▶ Provided entries
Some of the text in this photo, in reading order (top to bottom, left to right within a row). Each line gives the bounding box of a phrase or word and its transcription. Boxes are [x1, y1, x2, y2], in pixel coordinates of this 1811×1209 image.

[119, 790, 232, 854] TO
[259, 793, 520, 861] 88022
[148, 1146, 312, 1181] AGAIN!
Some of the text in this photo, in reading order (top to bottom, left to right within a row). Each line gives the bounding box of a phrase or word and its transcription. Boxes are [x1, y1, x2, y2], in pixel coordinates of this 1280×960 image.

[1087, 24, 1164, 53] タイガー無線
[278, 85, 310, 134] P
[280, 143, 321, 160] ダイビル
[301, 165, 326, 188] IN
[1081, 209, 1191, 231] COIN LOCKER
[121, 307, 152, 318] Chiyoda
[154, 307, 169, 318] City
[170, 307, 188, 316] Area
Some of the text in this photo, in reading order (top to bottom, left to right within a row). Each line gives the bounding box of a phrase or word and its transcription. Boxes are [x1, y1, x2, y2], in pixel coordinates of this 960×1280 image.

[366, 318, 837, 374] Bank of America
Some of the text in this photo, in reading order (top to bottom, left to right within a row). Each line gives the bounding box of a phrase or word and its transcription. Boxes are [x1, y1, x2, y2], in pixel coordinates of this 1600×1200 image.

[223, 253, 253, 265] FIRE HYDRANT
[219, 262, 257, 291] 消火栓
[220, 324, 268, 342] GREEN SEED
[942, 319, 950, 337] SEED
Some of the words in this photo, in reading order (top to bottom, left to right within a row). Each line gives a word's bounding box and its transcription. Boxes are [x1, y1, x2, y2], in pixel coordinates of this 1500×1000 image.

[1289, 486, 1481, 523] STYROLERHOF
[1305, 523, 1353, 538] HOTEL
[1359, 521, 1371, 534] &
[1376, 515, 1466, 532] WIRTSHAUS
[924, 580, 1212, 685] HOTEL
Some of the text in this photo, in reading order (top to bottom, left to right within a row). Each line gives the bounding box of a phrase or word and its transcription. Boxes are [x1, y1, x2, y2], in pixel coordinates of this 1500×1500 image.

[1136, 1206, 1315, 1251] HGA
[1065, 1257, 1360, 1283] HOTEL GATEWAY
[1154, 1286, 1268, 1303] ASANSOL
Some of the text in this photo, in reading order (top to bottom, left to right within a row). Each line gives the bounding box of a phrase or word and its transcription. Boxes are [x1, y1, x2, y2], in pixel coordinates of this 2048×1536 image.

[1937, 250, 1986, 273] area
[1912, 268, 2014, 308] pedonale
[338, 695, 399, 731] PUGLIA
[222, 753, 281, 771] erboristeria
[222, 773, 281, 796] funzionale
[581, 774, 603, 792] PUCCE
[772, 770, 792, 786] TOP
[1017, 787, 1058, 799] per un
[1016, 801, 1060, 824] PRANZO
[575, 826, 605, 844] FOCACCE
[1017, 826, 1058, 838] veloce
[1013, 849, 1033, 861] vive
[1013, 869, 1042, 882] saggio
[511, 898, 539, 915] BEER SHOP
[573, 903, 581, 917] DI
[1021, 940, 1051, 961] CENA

▶ Problem requirements
The full listing, retyped exactly, is the expected answer.

▶ Written solution
Some of the text in this photo, in reading order (top to bottom, left to right within a row). Each line gives the bounding box of a phrase or word and its transcription. Boxes are [x1, y1, x2, y2], in pixel coordinates of this 1811×1209 image.

[119, 790, 232, 854] TO
[259, 793, 520, 861] 88022
[148, 1146, 312, 1181] AGAIN!
Some of the text in this photo, in reading order (top to bottom, left to right within a row). Each line gives the bounding box of a phrase or word and its transcription. Boxes are [x1, y1, x2, y2], in pixel coordinates of this 1280×960 image.

[1087, 24, 1164, 53] タイガー無線
[278, 85, 310, 134] P
[280, 143, 321, 160] ダイビル
[301, 165, 326, 188] IN
[1081, 209, 1191, 231] COIN LOCKER
[121, 307, 152, 318] Chiyoda
[154, 307, 169, 318] City
[170, 307, 188, 316] Area
Some of the text in this photo, in reading order (top to bottom, left to right within a row). Each line gives the bounding box of a phrase or word and its transcription. Boxes are [x1, y1, x2, y2], in pixel coordinates of this 960×1280 image.

[366, 318, 837, 374] Bank of America
Some of the text in this photo, in reading order (top to bottom, left to right within a row). Each line gives the bounding box of a phrase or word and its transcription. Boxes are [x1, y1, x2, y2], in pixel coordinates of this 1600×1200 image.

[223, 253, 253, 265] FIRE HYDRANT
[219, 262, 257, 291] 消火栓
[220, 324, 268, 342] GREEN SEED
[942, 319, 950, 337] SEED
Some of the words in this photo, in reading order (top to bottom, left to right within a row). Each line gives a word's bounding box and its transcription. Boxes are [x1, y1, x2, y2], in pixel coordinates of this 1500×1000 image.

[1289, 486, 1481, 523] STYROLERHOF
[1305, 523, 1353, 538] HOTEL
[1359, 521, 1371, 534] &
[1376, 515, 1466, 532] WIRTSHAUS
[924, 580, 1212, 685] HOTEL
Some of the text in this photo, in reading order (top to bottom, left to right within a row). Each line gives the bounding box of a phrase or word and its transcription. Boxes are [x1, y1, x2, y2], in pixel coordinates of this 1500×1500 image.

[1136, 1206, 1315, 1251] HGA
[1065, 1257, 1360, 1283] HOTEL GATEWAY
[1154, 1286, 1268, 1303] ASANSOL
Some of the text in this photo, in reading order (top to bottom, left to right within a row). Each line gives the bounding box of a phrase or word and its transcription. Boxes are [x1, y1, x2, y2], in pixel coordinates of this 2048×1536 image.

[1937, 250, 1986, 273] area
[1912, 268, 2014, 308] pedonale
[338, 695, 399, 731] PUGLIA
[222, 753, 281, 771] erboristeria
[222, 773, 281, 796] funzionale
[581, 774, 603, 792] PUCCE
[772, 770, 792, 786] TOP
[1017, 787, 1058, 799] per un
[1016, 801, 1060, 824] PRANZO
[575, 826, 605, 844] FOCACCE
[1017, 826, 1058, 838] veloce
[1013, 849, 1033, 861] vive
[1013, 869, 1042, 882] saggio
[511, 898, 539, 915] BEER SHOP
[573, 903, 581, 917] DI
[1021, 940, 1051, 961] CENA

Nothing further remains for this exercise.